"Then I loved Domenichino's Sybil, in the Borghese, and I can never forget the Saint Sebastians I have seen. It may be wicked to laugh at a martyr, but it is almost wickeder for artists to make a good man look like a pincushion stuck full of arrows. The Doria Palace is the handsomest of all, with its gilded furniture and fine ceilings and polished floors. How gorgeous it must have looked when a ball was given there in the old days. I'd like to have seen the private apartments and the Colonna gardens. They say it was from a building in the Colonna Gardens that Nero watched Rome burning. On certain days these galleries are free, but generally you pay admission to a regular ticket taker in a gilt-banded cap. I wonder if the princes who own these palaces make money by showing their pictures, or if public spirit leads them to open their houses.

"One day Marion and I went to the Lateran where the popes lived before they had the Vatican, and please tell Tessie that the first thing we looked at was the Scala Sancta, or Holy Stairs, that they say were in Pontius Pilate's house in Jerusalem, over which Christ once walked. On this account people must go up and down them on their knees. But it is only on Holy Week that many do this. There are twenty-eight marble steps, although all you can see, as you look through the narrow door, is the wooden covering that protects them. The Empress Helena, Constantine's mother, brought them here. Tessie used to be interested in these Holy Stairs on account of a picture in one of her Sunday-school books, and she will be glad to know I have seen them.

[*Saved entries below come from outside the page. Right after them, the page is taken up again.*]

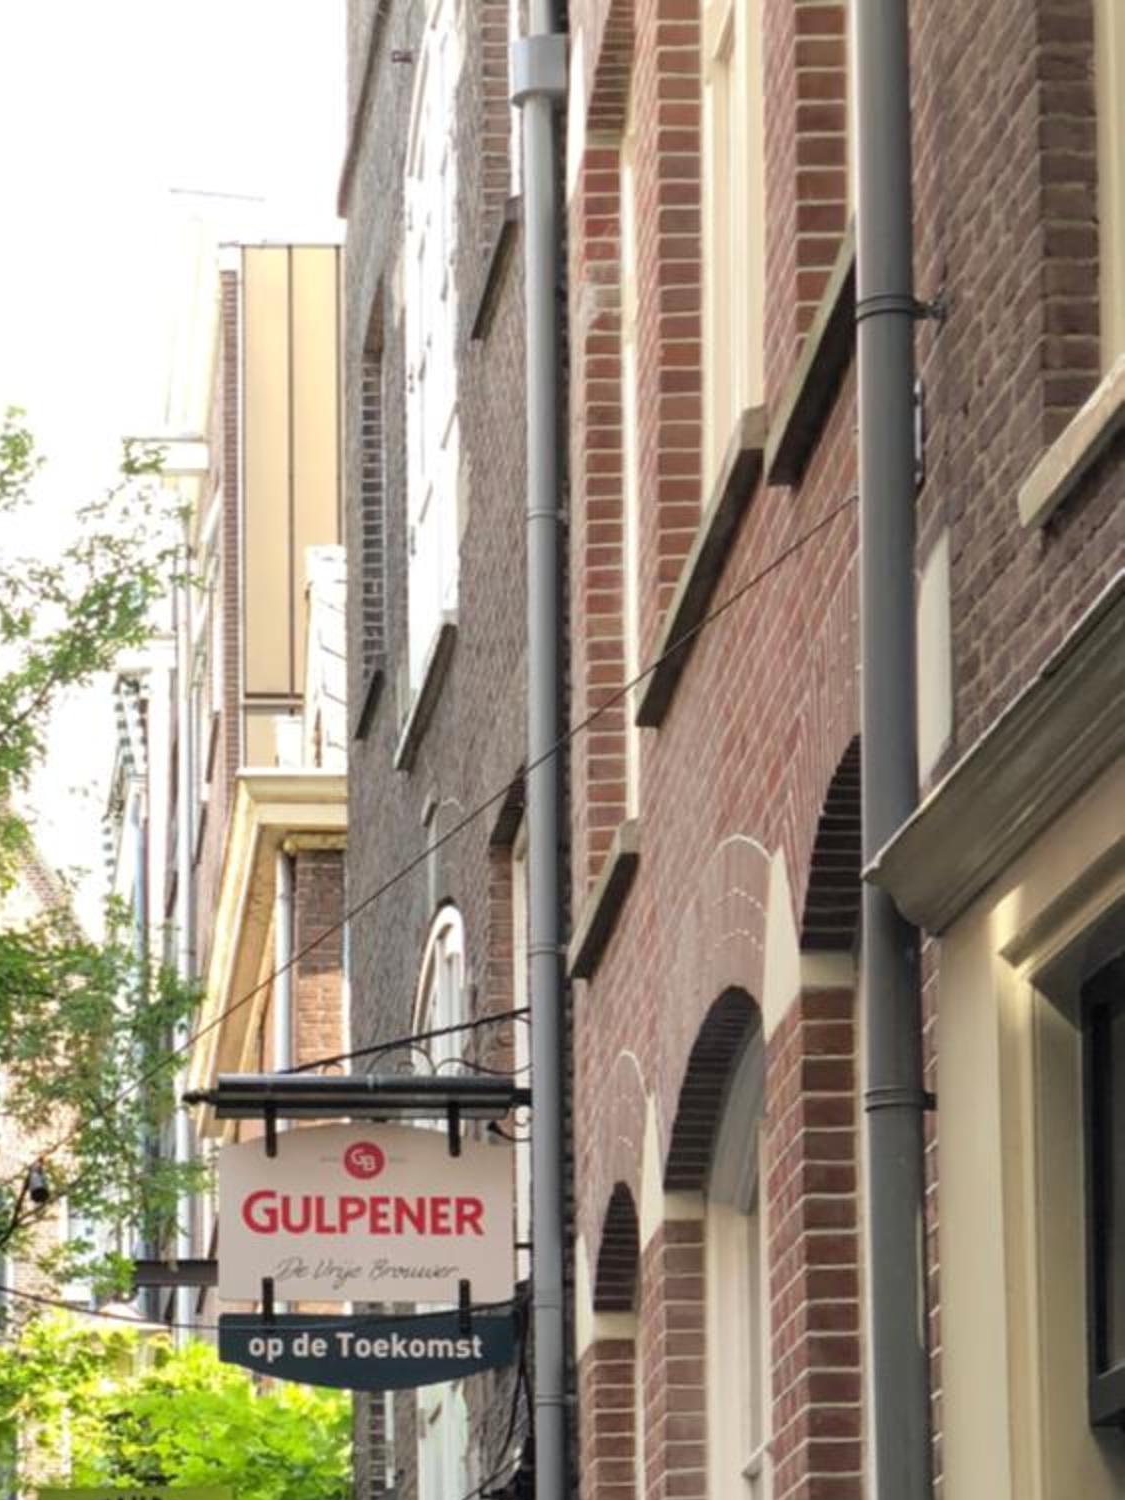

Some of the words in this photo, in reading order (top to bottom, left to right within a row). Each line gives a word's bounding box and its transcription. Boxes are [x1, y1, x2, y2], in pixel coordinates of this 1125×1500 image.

[242, 1189, 485, 1236] GULPENER
[275, 1256, 309, 1281] De
[369, 1257, 460, 1281] Brouwer
[248, 1335, 283, 1363] op
[292, 1333, 328, 1359] de
[336, 1332, 484, 1359] Toekomst

"Everything around the Lateran reminds one of Constantine. St. John Lateran has the site of a church he founded, and near it is the Baptistery where he was baptized. The font is green basalt, and there are beautiful porphyry columns and lovely gold mosaics on a blue ground.

"Opposite, in the piazza, is an obelisk Constantine brought from the Temple of the Sun at Thebes, and set up in the Circus Maximus. Three or four hundred years ago they found it in three pieces buried under ruins, and decided to place it here. Uncle Jim says there are more obelisks here than in all the rest of the world, and people who study hieroglyphs find Rome a better place than Egypt.

"Marion is good company, and often wishes to see just the same thing that I do, and then sometimes he doesn't; and I must say he always seems to suit himself. He knows a great deal. He has usually studied with private tutors and he has read everything. But he won't talk about his family. I don't even know whether he has any brothers or sisters.

"He was splendid the other day when we went to the Capitoline Museum, from the minute we began to walk up the broad stairs toward the statue of Marcus Aurelius. He pointed out the places where Tiberius Gracchus was slain, and not far away, though so long afterwards, Rienzi, too.

"Then he explained that though most of the buildings now on the Campodoglio were by Michelangelo, this had been a centre for public offices even under the first emperors. The Tabularium, where all old records were kept, is under the palace of the Senators. We had not time for it, but Marion had been there before, and he says it is almost the only building now left of the time of the Republic. Then we walked through the Capitoline Museum and I recognized many statues,—the Dying Gladiator and Hawthorne's Marble Faun and the busts of the Emperors. Marion says nearly all have been identified from coins, and are truer than the heads of philosophers and poets that we saw. Then there is the famous mosaic picture of the doves that shows even the shadows, which came from Hadrian's villa, like so many things in marble and porphyry I have seen this week.